§ WHAT YOU NEED TO DO
Transcribe the full listing exactly, and drop every picture.

§ MATERIALS PROVIDED
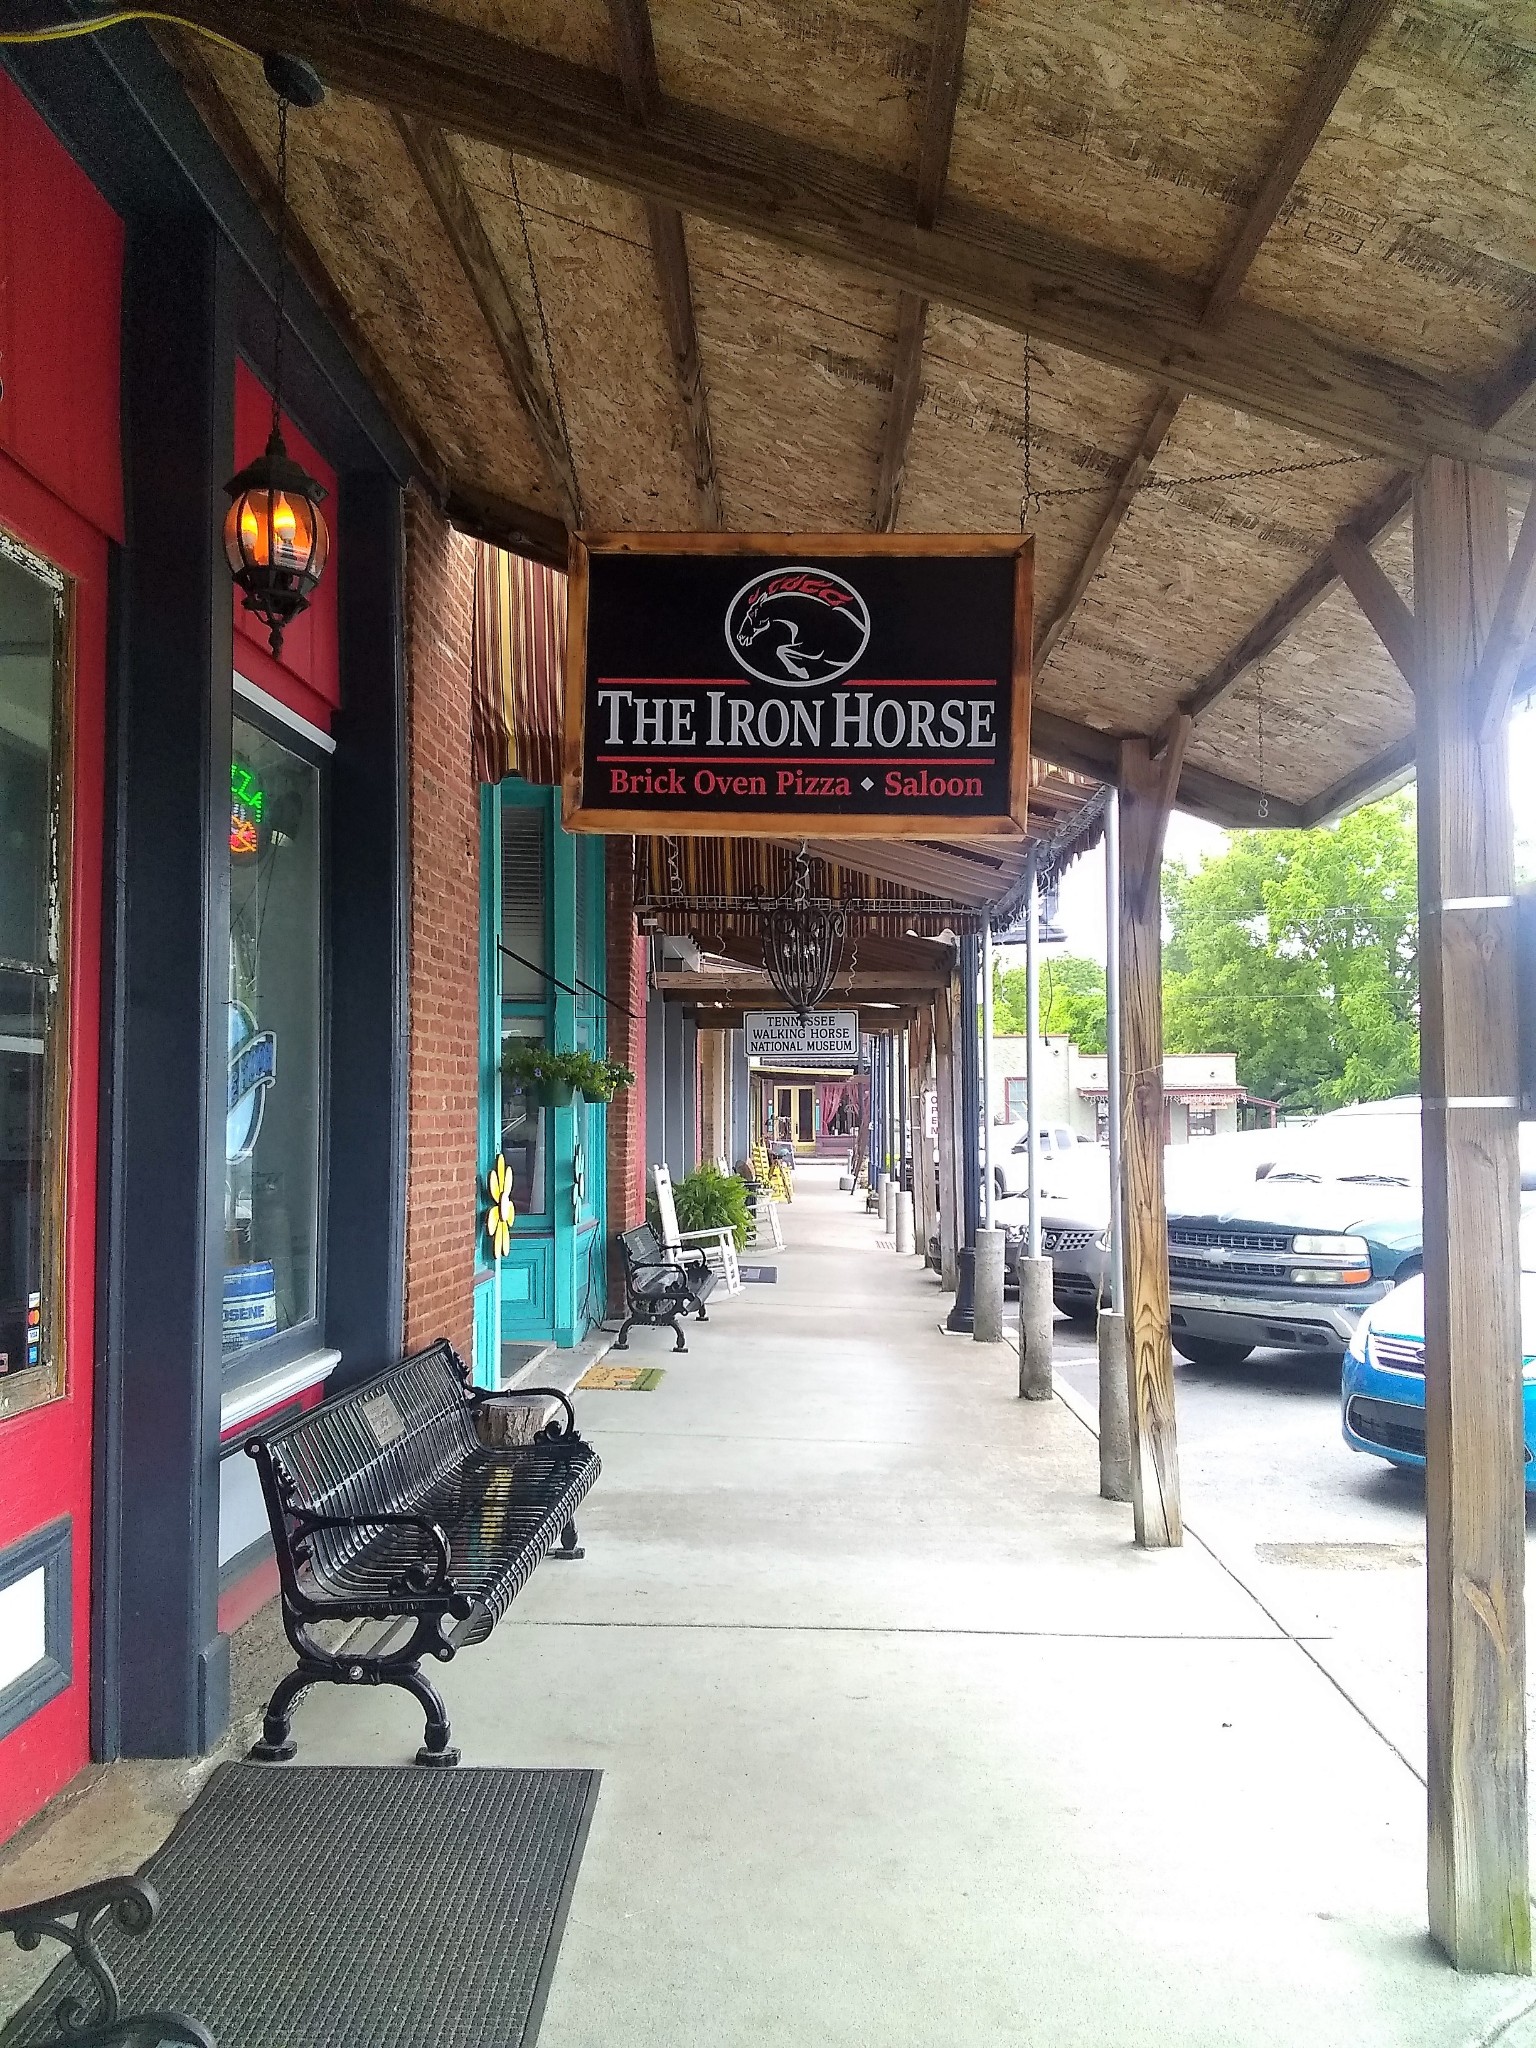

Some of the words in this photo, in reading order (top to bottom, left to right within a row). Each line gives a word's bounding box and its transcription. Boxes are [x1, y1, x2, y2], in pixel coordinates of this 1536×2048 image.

[597, 690, 697, 746] THE
[706, 691, 824, 748] IRON
[831, 692, 997, 748] HORSE
[610, 768, 686, 795] Brick
[694, 769, 767, 796] Oven
[776, 769, 852, 797] Pizza
[884, 770, 984, 797] Saloon
[766, 1016, 836, 1027] TENNSSEE
[752, 1028, 806, 1040] WALKING
[810, 1028, 850, 1039] HORSE
[750, 1041, 803, 1052] NATIONAL
[807, 1040, 852, 1051] MUSEUM
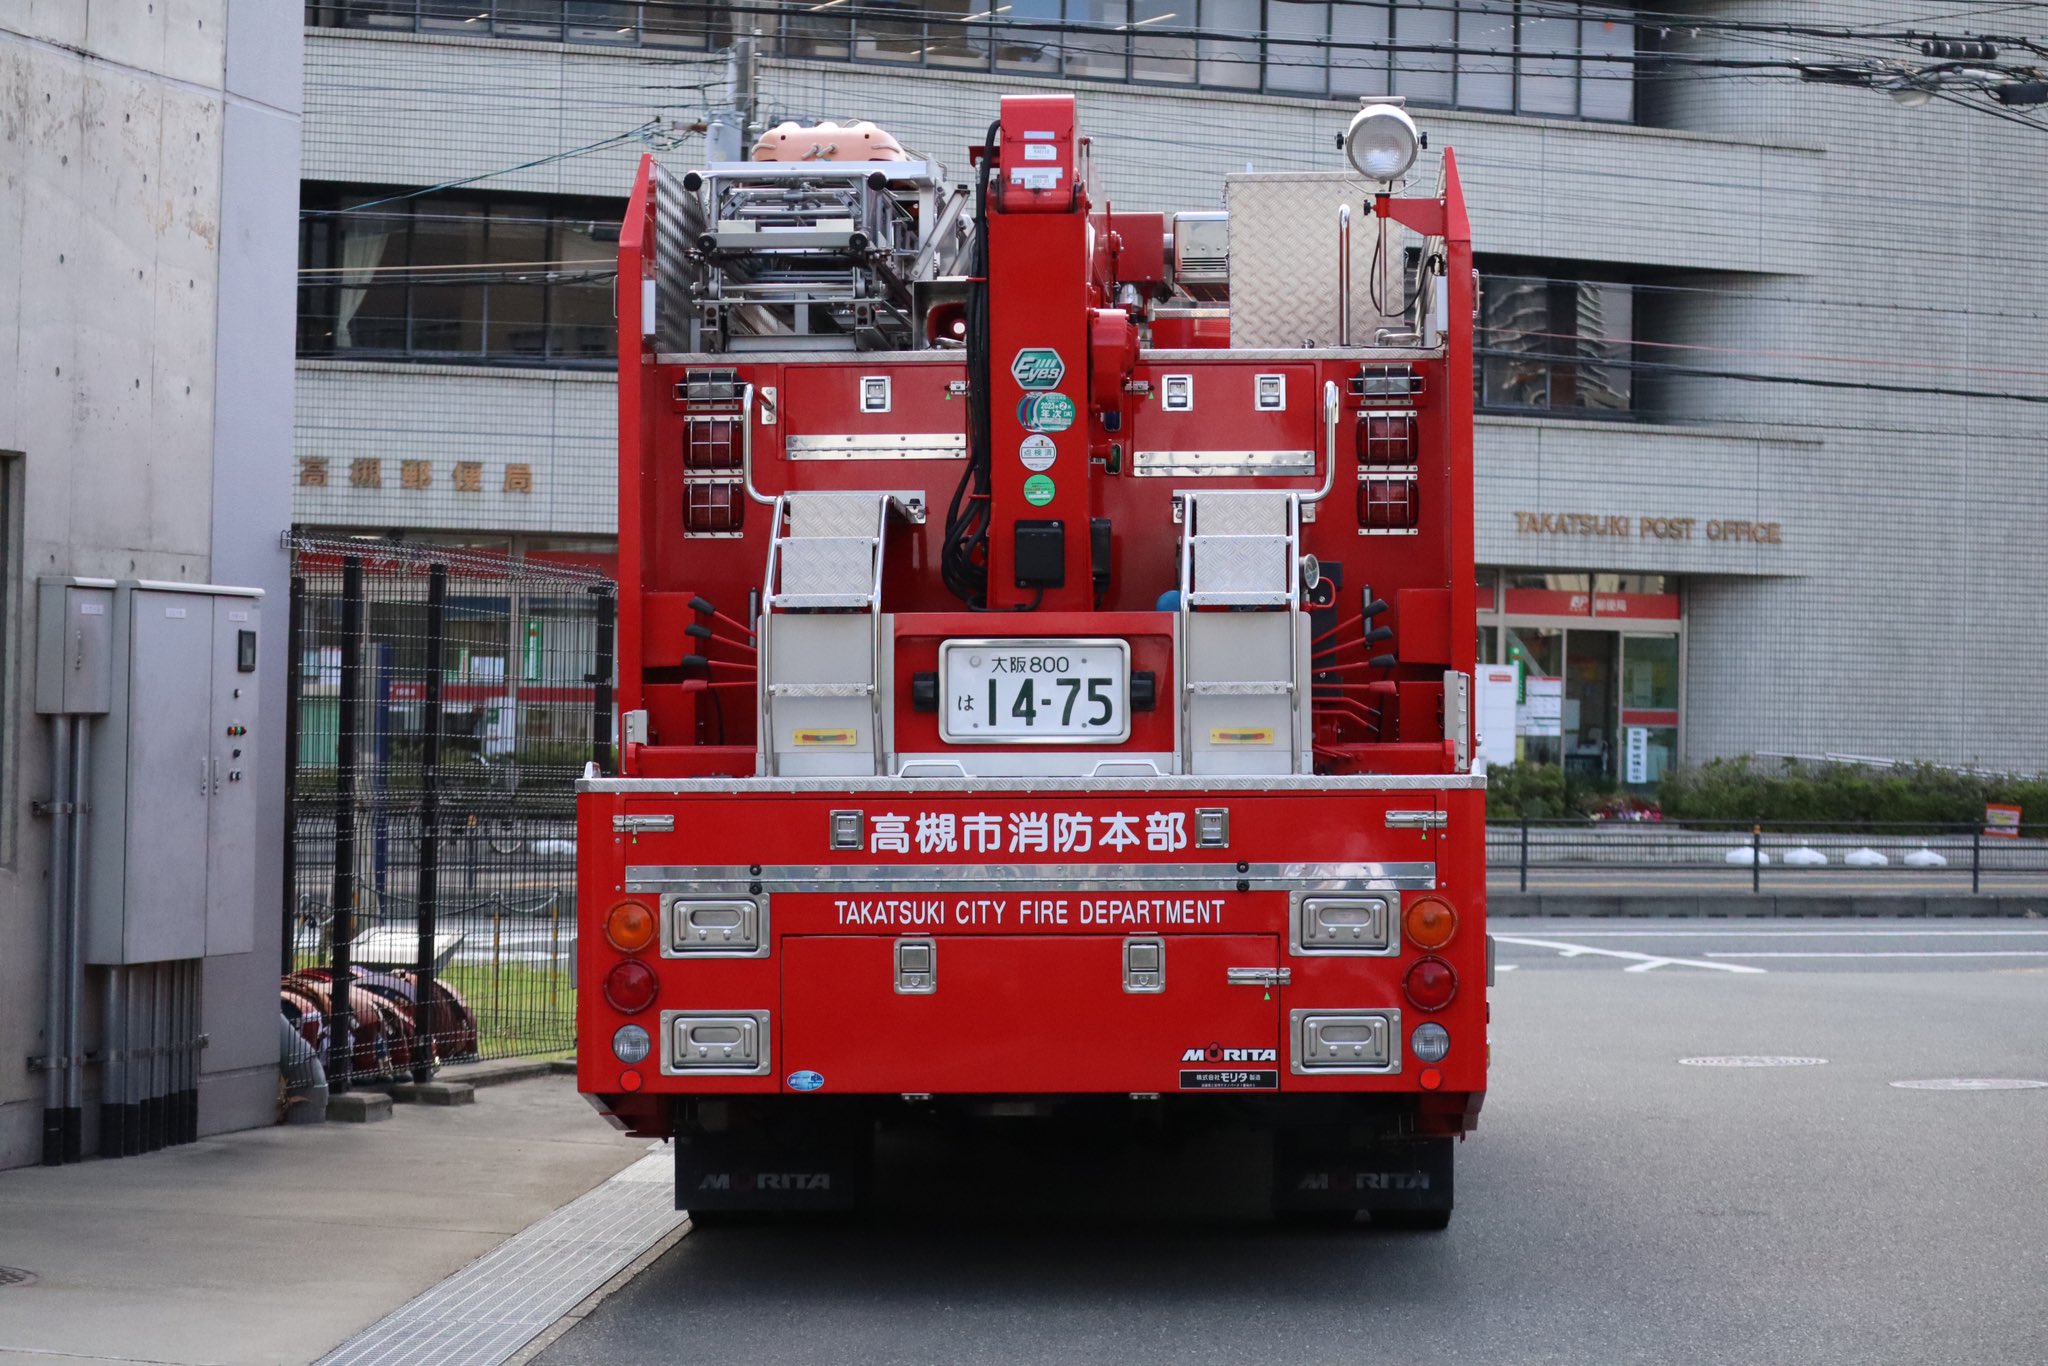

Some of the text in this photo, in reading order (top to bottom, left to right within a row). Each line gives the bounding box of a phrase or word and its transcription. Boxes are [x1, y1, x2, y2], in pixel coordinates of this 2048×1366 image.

[1014, 356, 1060, 382] Eyes
[299, 456, 534, 495] 高槻郵便局
[1515, 511, 1783, 545] TAKATSUKI POST OFFICE
[957, 678, 1113, 726] は 14-75
[870, 811, 1188, 854] 高槻市消防本部
[834, 900, 1226, 925] TAKATSUKI CITY FIRE DEPARTMENT
[1181, 1043, 1277, 1062] MORITA

§ YOUR SOLUTION
Some of the words in this photo, in reading order (top to bottom, left to right within a row). Each line gives a word's bounding box and its transcription. Boxes are [x1, y1, x2, y2], in pixel coordinates of this 1536×2048 image.

[597, 690, 697, 746] THE
[706, 691, 824, 748] IRON
[831, 692, 997, 748] HORSE
[610, 768, 686, 795] Brick
[694, 769, 767, 796] Oven
[776, 769, 852, 797] Pizza
[884, 770, 984, 797] Saloon
[766, 1016, 836, 1027] TENNSSEE
[752, 1028, 806, 1040] WALKING
[810, 1028, 850, 1039] HORSE
[750, 1041, 803, 1052] NATIONAL
[807, 1040, 852, 1051] MUSEUM

Some of the text in this photo, in reading order (top to bottom, left to right within a row). Each line gives the bounding box of a phrase or word and its transcription. Boxes are [x1, y1, x2, y2], in pixel coordinates of this 2048×1366 image.

[1014, 356, 1060, 382] Eyes
[299, 456, 534, 495] 高槻郵便局
[1515, 511, 1783, 545] TAKATSUKI POST OFFICE
[957, 678, 1113, 726] は 14-75
[870, 811, 1188, 854] 高槻市消防本部
[834, 900, 1226, 925] TAKATSUKI CITY FIRE DEPARTMENT
[1181, 1043, 1277, 1062] MORITA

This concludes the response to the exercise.